SFGate sold links via text-link-ads.com
SFGate.com was an avid seller of text links via text-link-ads.com and still does. The "sponsored ads" could be found at the very bottom of many section pages on sfgate.com
The big question is, if Google drops PageRank of highly important new organizations like WashPost, it should imply that it will become much harder to find relevant news stories and commentary from these organizations via Google. It happens that tons of majjor US newspapers sold links via text-link-ads, Washington Times is there, Chicago Sun Times, and quite a few TV stations.
For example, if you look at the bottom of foxnews.com, you'll find an array of 10 little ads, each of them includes a text-link to the site (which would qualify as a paid link for the purposes of Google's wrath, they're live HTML links without nofollow).
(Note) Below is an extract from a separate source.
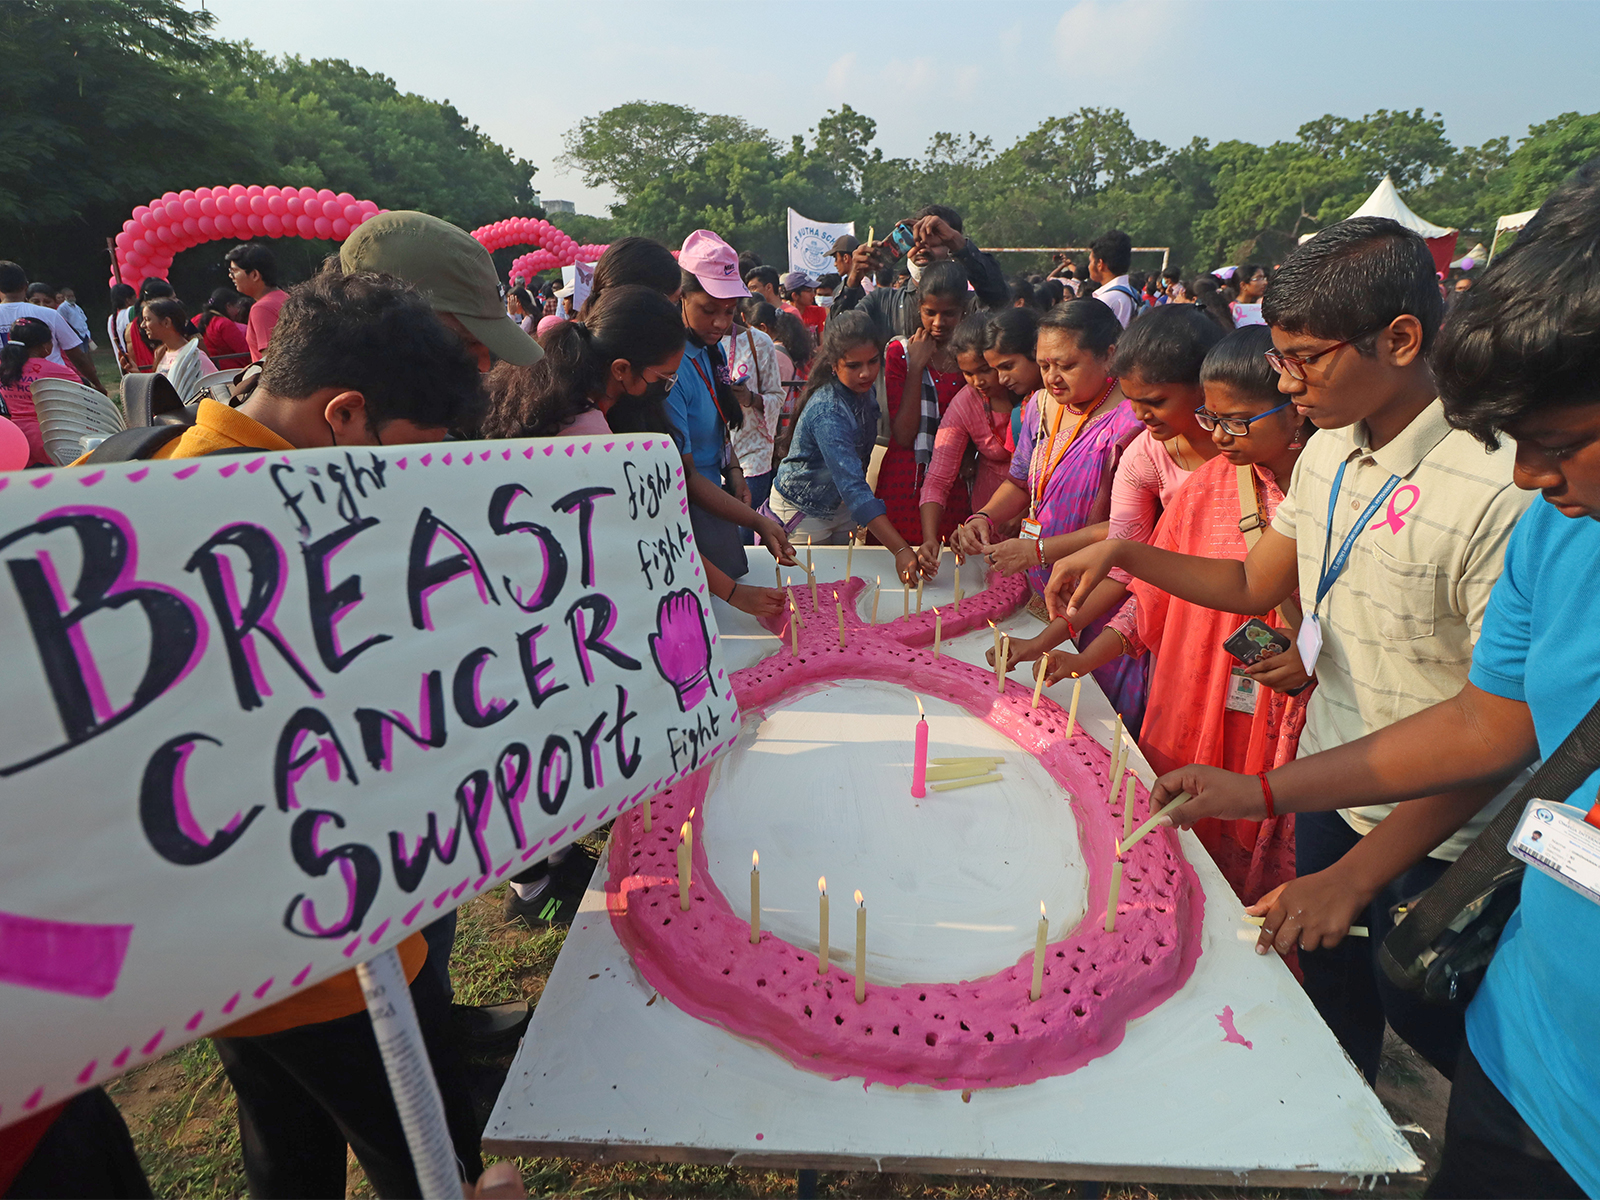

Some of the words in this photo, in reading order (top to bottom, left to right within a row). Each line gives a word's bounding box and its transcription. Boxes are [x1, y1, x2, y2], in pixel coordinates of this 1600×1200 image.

I suspect that if Google drops PageRank for real (affective search results) rather than only for demonstrative purposes, it will be a bigger loss for Google than for all of the sites involved. Google will stop returning relevant news content on search queries, instead serving up rehash of the same stories form Johnny blogger who doesn't sell links yet. One of the main reasons such serious news organizations took the gamble on selling paid links in the first place, is that their brands and websites are well known and get a lot of direct traffic, Google or not.
This may be a tacit admission on Google's part that they've been unable to come up with reliable algorithms to filter out paid links without going on a manual witch-hunt after link-selling sites. What the 200 Billion company needs now, is a lot of free help from webmasters to protect its turf in selling paid ads in search results.